#### Your objective:
This exercise requires an exact output of the listing, images omitted.

#### Task input:

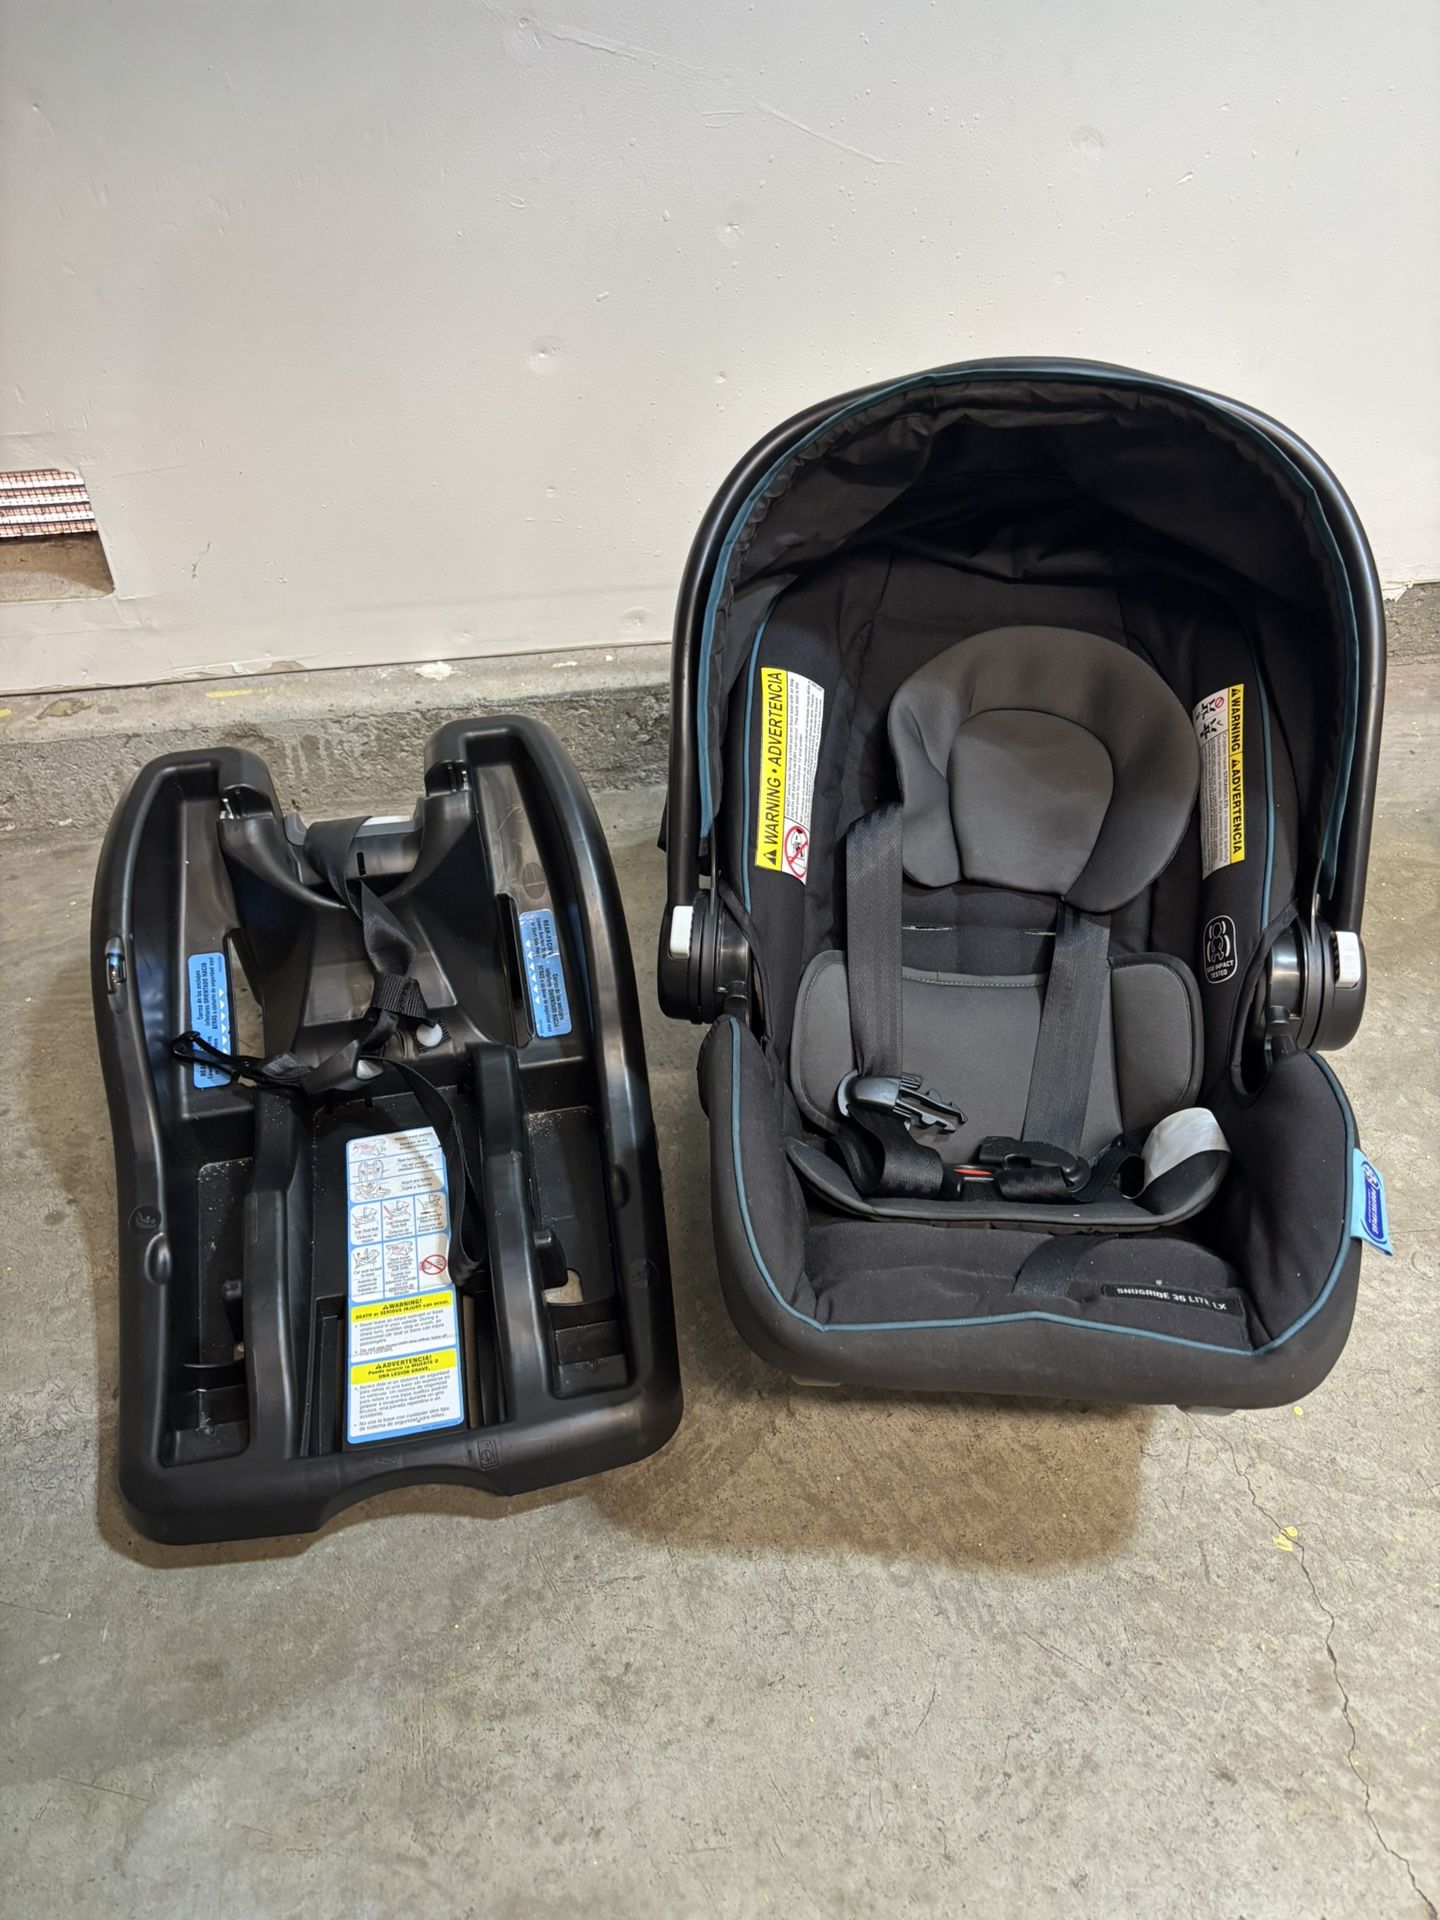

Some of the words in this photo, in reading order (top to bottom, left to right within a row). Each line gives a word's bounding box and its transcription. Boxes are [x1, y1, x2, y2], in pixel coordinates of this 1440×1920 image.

[768, 672, 782, 766] ADVERTENCIA
[1231, 697, 1241, 752] WARNING
[764, 774, 781, 847] WARNING
[1232, 770, 1242, 853] ADVERTENCIA
[389, 1299, 422, 1309] WARNING!
[1116, 1288, 1170, 1300] SNUGRIDE
[383, 1355, 432, 1368] ADVERTENCIA!
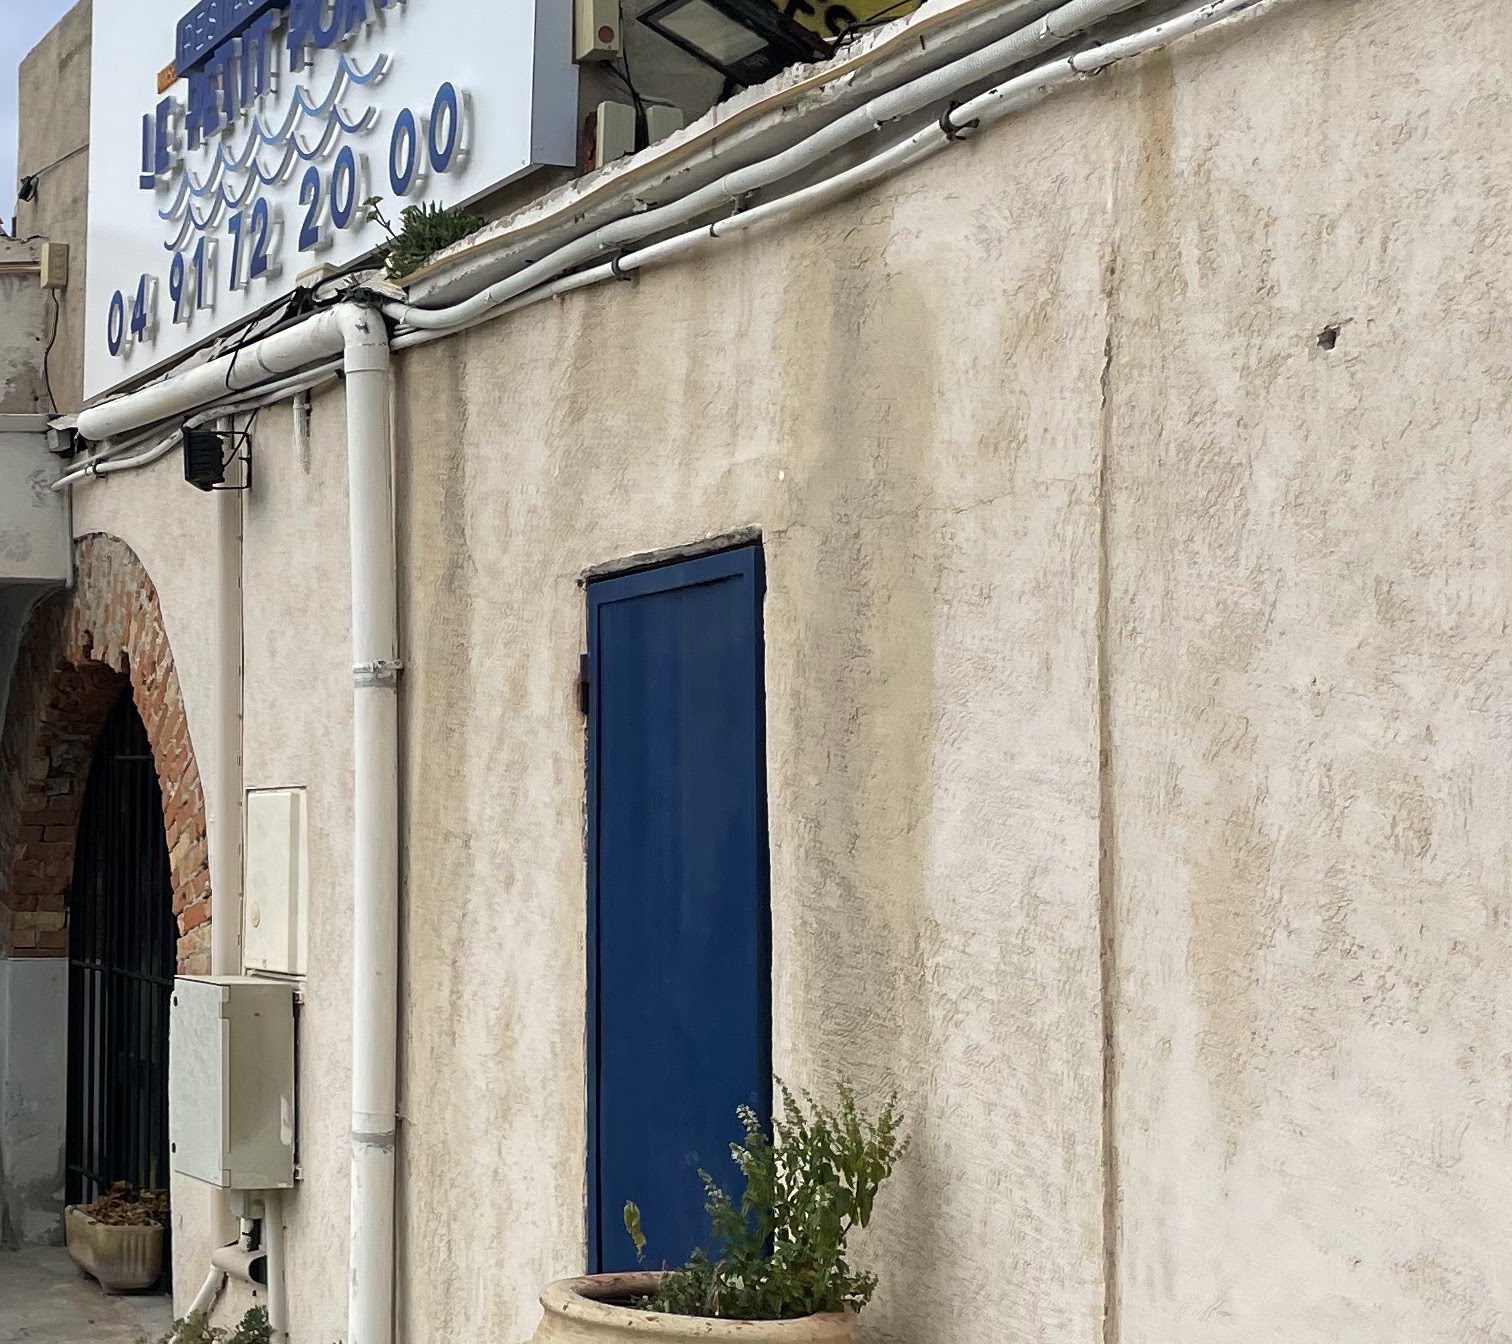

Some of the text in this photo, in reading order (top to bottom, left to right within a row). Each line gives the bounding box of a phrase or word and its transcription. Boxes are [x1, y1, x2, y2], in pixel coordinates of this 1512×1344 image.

#### Written solution:
Some of the words in this photo, in reading order (top to bottom, left to right within a row). Each line gives a word's bounding box and its transcription. Boxes are [x1, y1, x2, y2], in pixel coordinates of this 1440×1920 image.

[768, 672, 782, 766] ADVERTENCIA
[1231, 697, 1241, 752] WARNING
[764, 774, 781, 847] WARNING
[1232, 770, 1242, 853] ADVERTENCIA
[389, 1299, 422, 1309] WARNING!
[1116, 1288, 1170, 1300] SNUGRIDE
[383, 1355, 432, 1368] ADVERTENCIA!

Some of the text in this photo, in reading order (top to bottom, left to right within a row). Each line gives the bounding box of a phrase or word and its transcription. Boxes are [x1, y1, x2, y2], in pixel coordinates of this 1512×1344 image.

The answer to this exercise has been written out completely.